9.7: Summary
 Page ID
 8231
In this chapter we’ve talked about probability. We’ve talked what probability means, and why statisticians can’t agree on what it means. We talked about the rules that probabilities have to obey. And we introduced the idea of a probability distribution, and spent a good chunk of the chapter talking about some of the more important probability distributions that statisticians work with. The section by section breakdown looks like this:
 Probability theory versus statistics (Section 9.1)
 Frequentist versus Bayesian views of probability (Section 9.2)
 Basics of probability theory (Section 9.3)
 Binomial distribution (Section 9.4), normal distribution (Section 9.5), and others (Section 9.6)
As you’d expect, my coverage is by no means exhaustive. Probability theory is a large branch of mathematics in its own right, entirely separate from its application to statistics and data analysis. As such, there are thousands of books written on the subject and universities generally offer multiple classes devoted entirely to probability theory. Even the “simpler” task of documenting standard probability distributions is a big topic. I’ve described five standard probability distributions in this chapter, but sitting on my bookshelf I have a 45chapter book called “Statistical Distributions” Evans, Hastings, and Peacock (2011) that lists a lot more than that. Fortunately for you, very little of this is necessary. You’re unlikely to need to know dozens of statistical distributions when you go out and do real world data analysis, and you definitely won’t need them for this book, but it never hurts to know that there’s other possibilities out there.
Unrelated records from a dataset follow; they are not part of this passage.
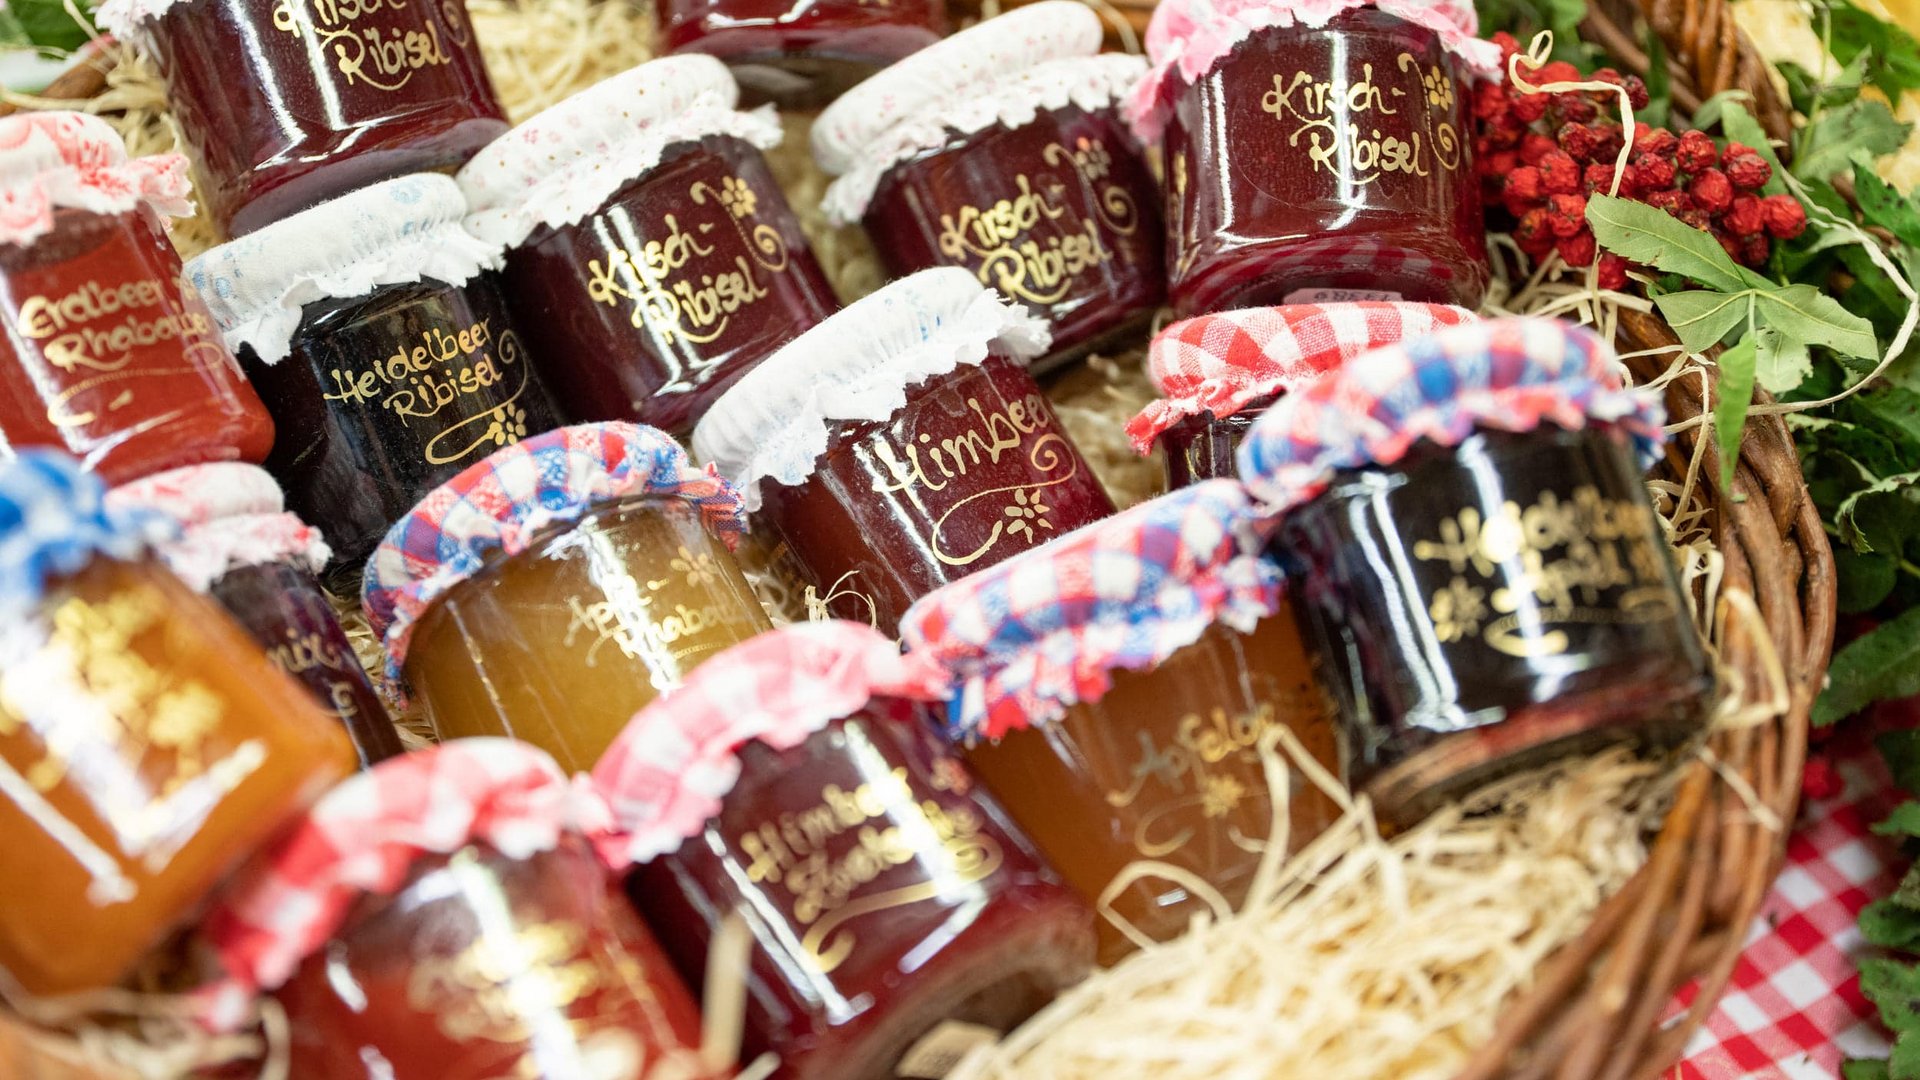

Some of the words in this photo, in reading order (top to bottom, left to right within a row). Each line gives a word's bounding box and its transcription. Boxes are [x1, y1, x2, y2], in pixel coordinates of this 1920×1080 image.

[315, 20, 451, 91] Ribisel
[1262, 62, 1406, 122] Kirsch-
[1289, 122, 1429, 186] Ribisel
[939, 173, 1066, 262] Kirsch-
[588, 213, 715, 307] Kirsch-
[631, 255, 769, 345] Ribisel
[978, 217, 1114, 304] Ribisel
[18, 280, 163, 339] Erdbeer
[323, 317, 491, 404] Heidelbeer
[382, 353, 504, 428] Ribisel
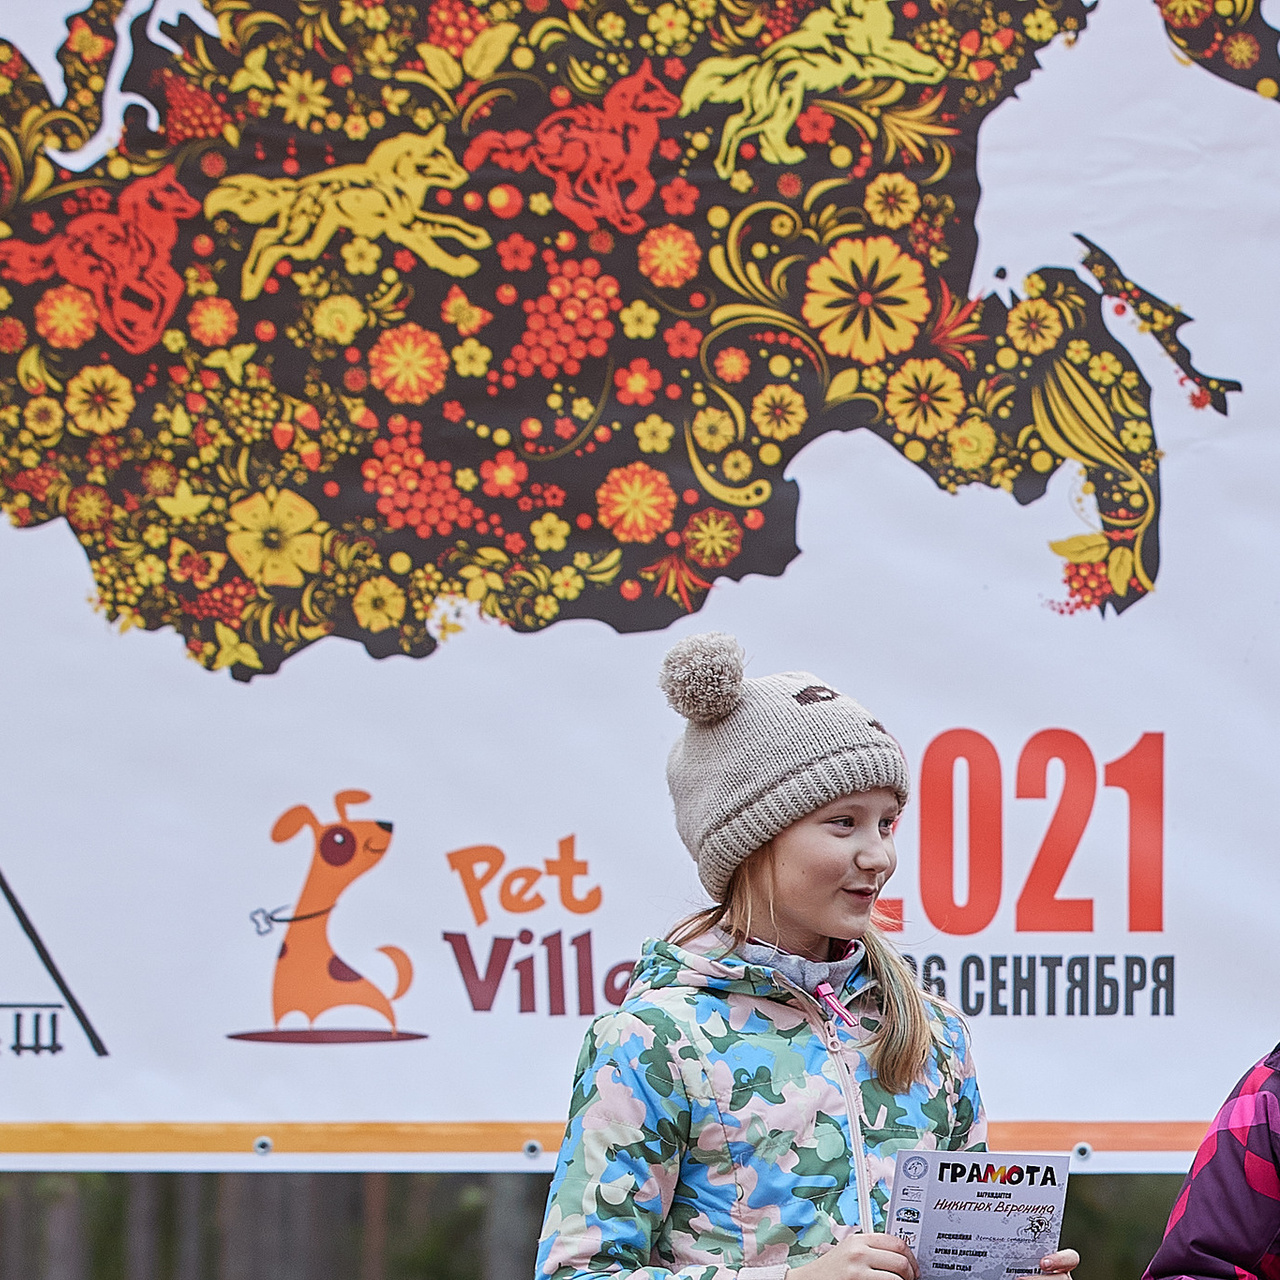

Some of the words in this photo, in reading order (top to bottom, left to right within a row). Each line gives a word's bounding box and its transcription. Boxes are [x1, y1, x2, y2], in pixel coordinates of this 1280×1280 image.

[873, 727, 1165, 936] 021
[446, 833, 603, 927] Pet
[960, 955, 1175, 1016] СЕНТЯБРЯ
[938, 1162, 1057, 1186] ГРАМОТА
Picking up on that last point, there’s a sense in which this whole chapter is something of a digression. Many undergraduate psychology classes on statistics skim over this content very quickly (I know mine did), and even the more advanced classes will often “forget” to revisit the basic foundations of the field. Most academic psychologists would not know the difference between probability and density, and until recently very few would have been aware of the difference between Bayesian and frequentist probability. However, I think it’s important to understand these things before moving onto the applications. For example, there are a lot of rules about what you’re “allowed” to say when doing statistical inference, and many of these can seem arbitrary and weird. However, they start to make sense if you understand that there is this Bayesian/frequentist distinction. Similarly, in Chapter 13 we’re going to talk about something called the ttest, and if you really want to have a grasp of the mechanics of the ttest it really helps to have a sense of what a tdistribution actually looks like. You get the idea, I hope.
References
Fisher, R. 1922b. “On the Mathematical Foundation of Theoretical Statistics.” Philosophical Transactions of the Royal Society A 222: 309–68.
Meehl, P. H. 1967. “Theory Testing in Psychology and Physics: A Methodological Paradox.” Philosophy of Science 34: 103–15.
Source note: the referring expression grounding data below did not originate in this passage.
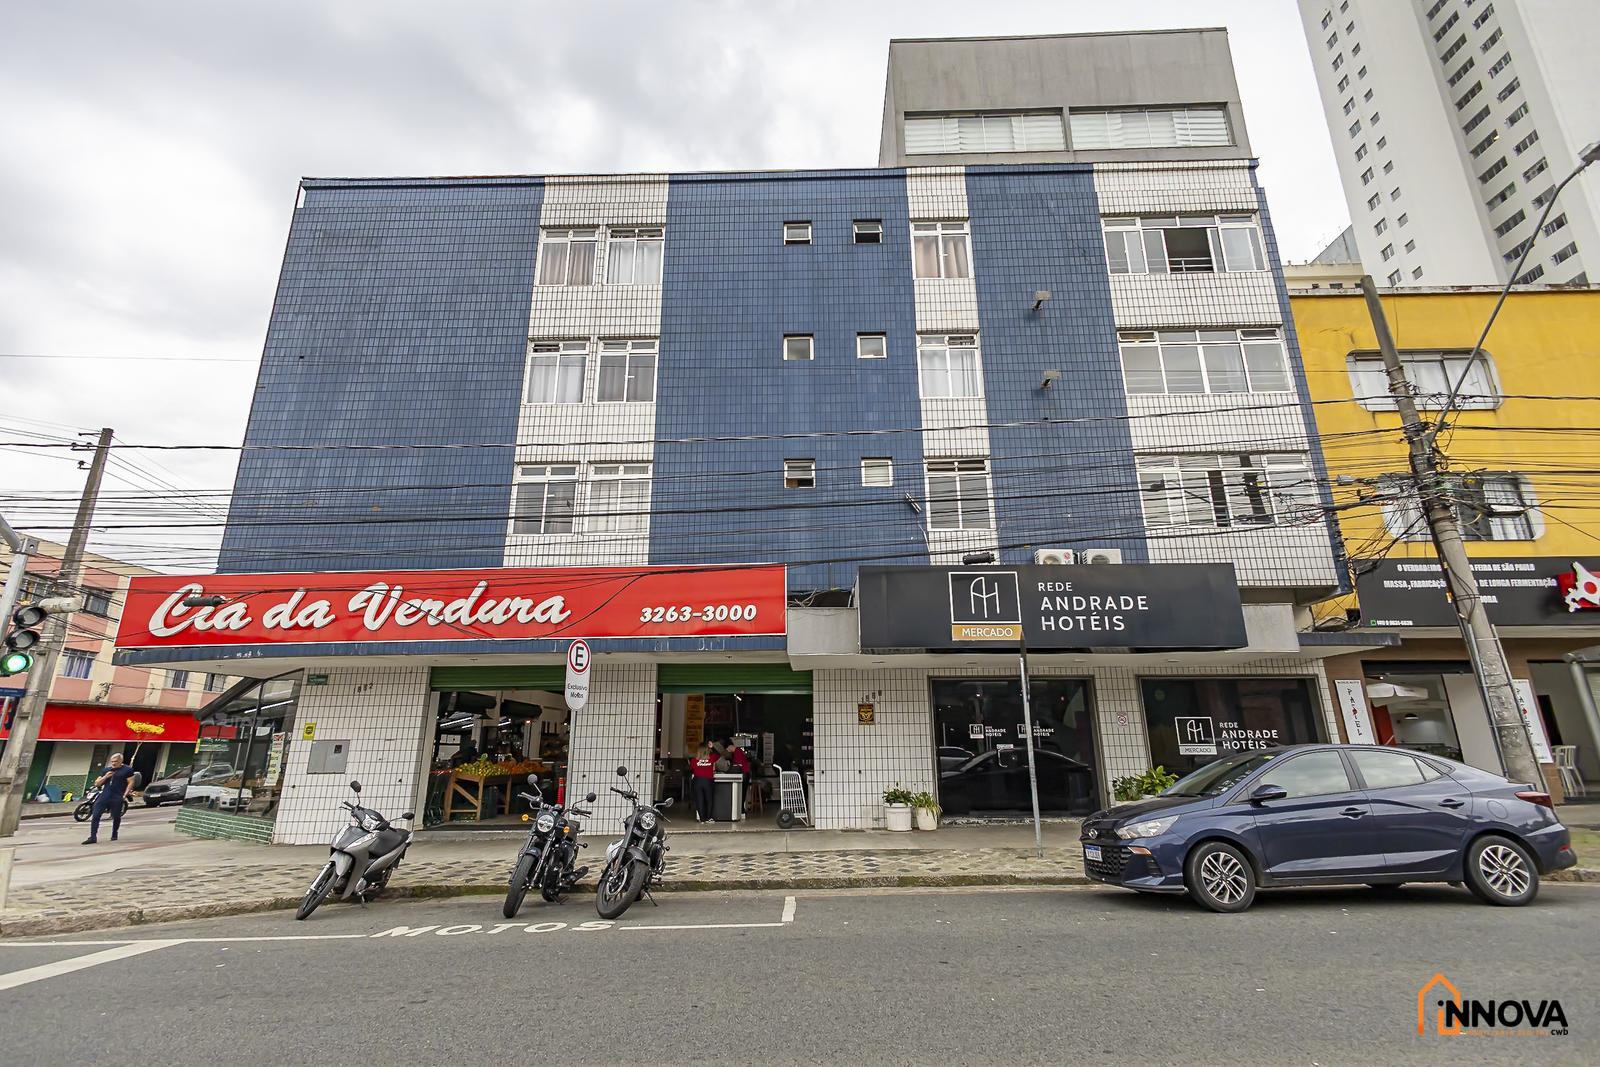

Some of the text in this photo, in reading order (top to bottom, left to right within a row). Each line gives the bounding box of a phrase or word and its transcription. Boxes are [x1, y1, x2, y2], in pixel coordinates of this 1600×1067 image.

[1038, 582, 1073, 592] REDE
[148, 581, 571, 637] Cia da Verdura
[1040, 595, 1149, 611] ANDRADE
[639, 604, 758, 623] 3263-3000
[1041, 611, 1126, 631] HOTÉIS
[961, 627, 1013, 638] MERCADO
[575, 646, 585, 666] E
[570, 691, 584, 699] Motos
[1221, 730, 1279, 739] ANDRADE
[1222, 739, 1267, 750] HOTÉIS
[369, 920, 616, 938] MOTOS
Evans, M., N. Hastings, and B. Peacock. 2011. Statistical Distributions (3rd Ed). Wiley.

This doesn’t mean that frequentists can’t make hypothetical statements, of course; it’s just that if you want to make a statement about probability, then it must be possible to redescribe that statement in terms of a sequence of potentially observable events, and the relative frequencies of different outcomes that appear within that sequence.

Note that the term “success” is pretty arbitrary, and doesn’t actually imply that the outcome is something to be desired. If θ referred to the probability that any one passenger gets injured in a bus crash, I’d still call it the success probability, but that doesn’t mean I want people to get hurt in bus crashes!
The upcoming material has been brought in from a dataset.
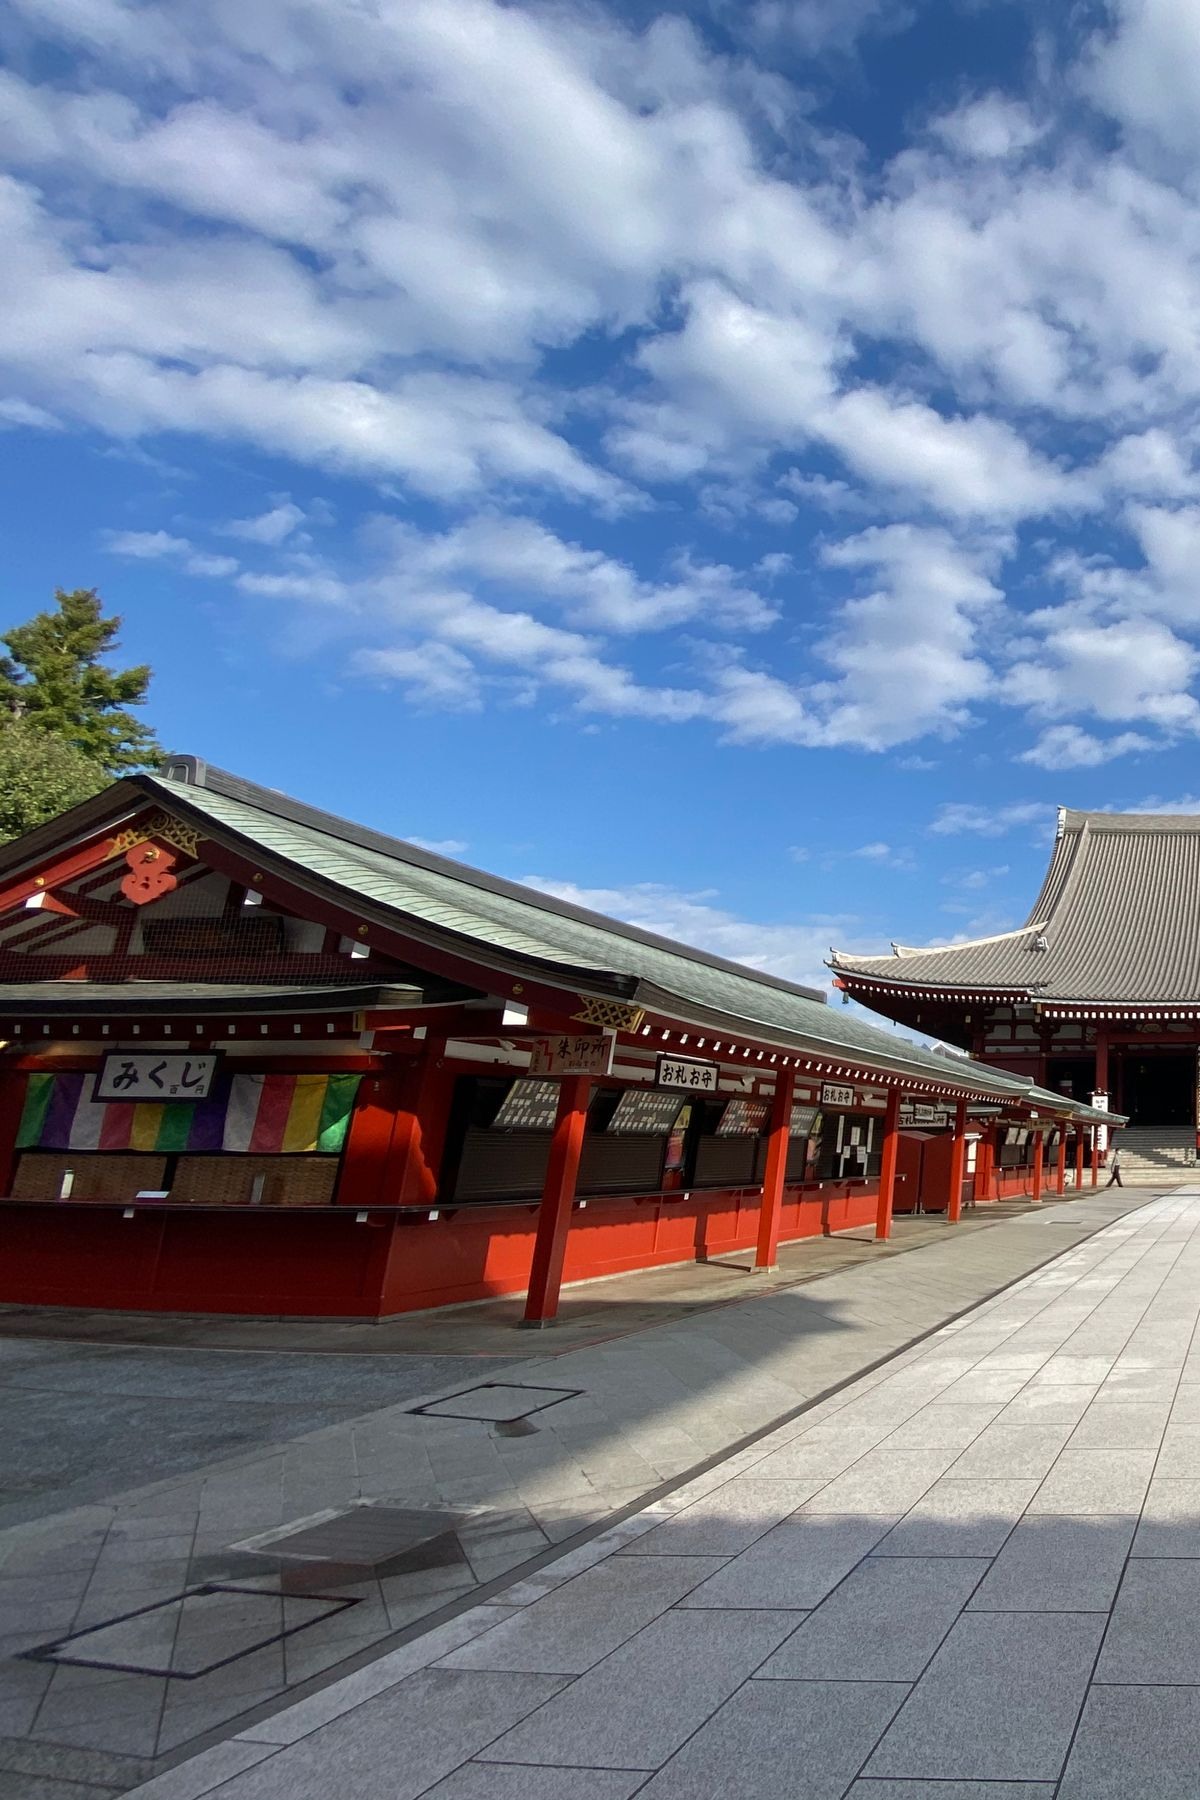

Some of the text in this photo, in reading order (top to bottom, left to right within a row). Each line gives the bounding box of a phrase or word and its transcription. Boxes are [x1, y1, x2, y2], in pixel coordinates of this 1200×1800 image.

[557, 1037, 608, 1060] 朱印所
[113, 1061, 206, 1090] みくじ
[662, 1064, 712, 1089] お札お守
Since computers are deterministic machines, they can’t actually produce truly random behaviour. Instead, what they do is take advantage of various mathematical functions that share a lot of similarities with true randomness. What this means is that any random numbers generated on a computer are pseudorandom, and the quality of those numbers depends on the specific method used. By default R uses the “Mersenne twister” method. In any case, you can find out more by typing
?Random
, but as usual the R help files are fairly dense. 
In practice, the normal distribution is so handy that people tend to use it even when the variable isn’t actually continuous. As long as there are enough categories (e.g., Likert scale responses to a questionnaire), it’s pretty standard practice to use the normal distribution as an approximation. This works out much better in practice than you’d think.

For those readers who know a little calculus, I’ll give a slightly more precise explanation. In the same way that probabilities are nonnegative numbers that must sum to 1, probability densities are nonnegative numbers that must integrate to 1 (where the integral is taken across all possible values of X). To calculate the probability that X falls between a and b we calculate the definite integral of the density function over the corresponding range, \(\int_{a}^{b} p(x) d x\). If you don’t remember or never learned calculus, don’t worry about this. It’s not needed for this book.